Türkçenin en kıymetli şairlerinden Melih Cevdet Anday’a 1973 TDK Çeviri Ödülü’nü, muharrir Tarjei Vesaas’a ise 1963’te Kuzey’in Nobel Edebiyat Mükafatı sayılan İskandinav Edebiyat Ödülü’nü kazandıran Buz Sarayı raflardaki yerini aldı. Kitap, soğuk ve uzak bir diyarın dostlukla alevlenen sessiz şiirini dillendiriyor.
Buz Sarayı, annesini kaybetmiş 11 yaşındaki Unn’un, yaşıtı Siss ile kurduğu sıra dışı ve manalı dostlukla başlıyor. Daha sonra Unn, sembolik olarak bu dostlukla ilintili nedenlerden dolayı okuldan kaçıyor ve her iki kız için de büyük mana taşıyan, yaşadıkları köyün yakınlarındaki çağlayanın buzdan odalar açarak oluşturduğu ‘Buz Sarayı’na gidiyor.

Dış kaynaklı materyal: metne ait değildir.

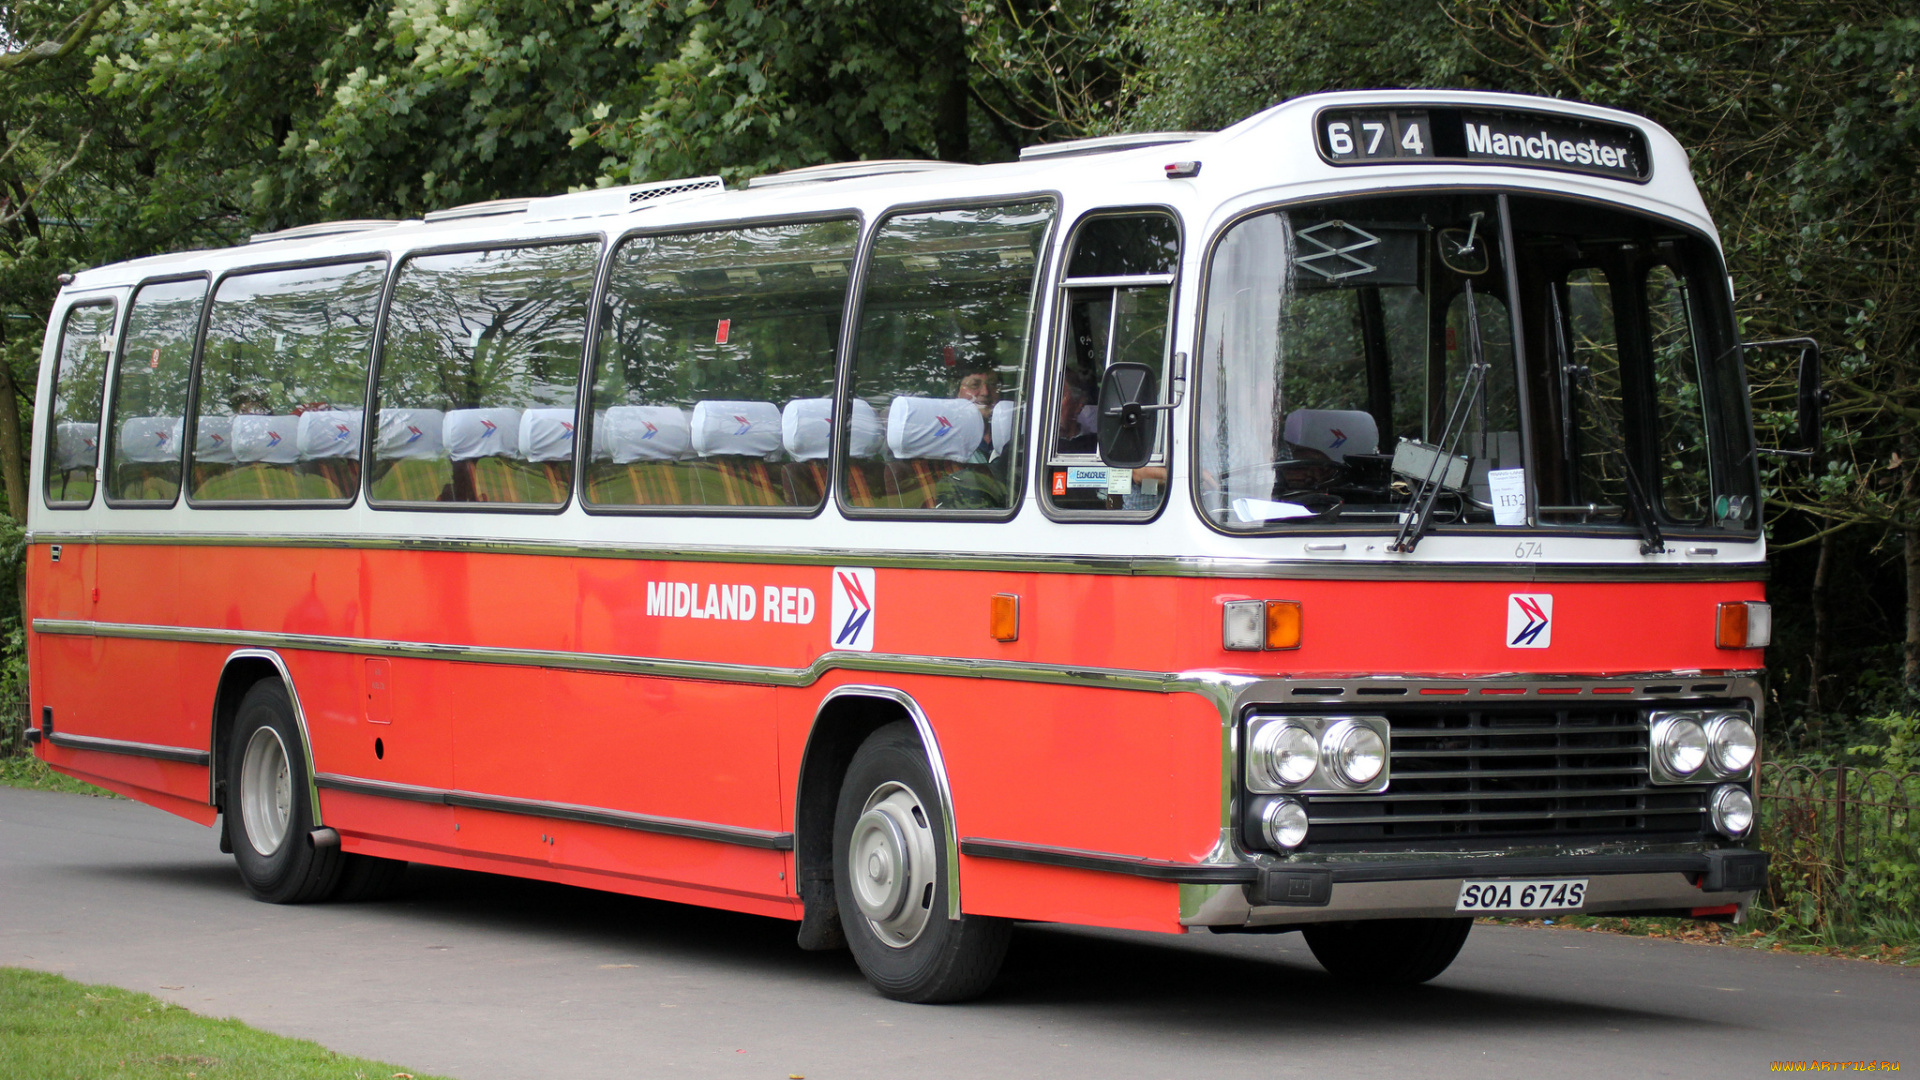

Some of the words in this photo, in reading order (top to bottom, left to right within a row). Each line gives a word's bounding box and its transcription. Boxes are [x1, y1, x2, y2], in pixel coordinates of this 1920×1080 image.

Bu buzdan labirent nihayetinde herkesin biraz kalbini kırıyor.
Hem muharriri hem çevirisi hem de kıssasıyla ‘özel’ bir kitap olan Buz Sarayı, iki küçük kızın dostluğunu ve çocukluğun kapalı ıstırabını incelikle işliyor. Bitmeyen, upuzun bir kışın ortasında filizlenen bu dostluk, uçsuz bucaksız bir yalnızlığın başlangıcı oluyor.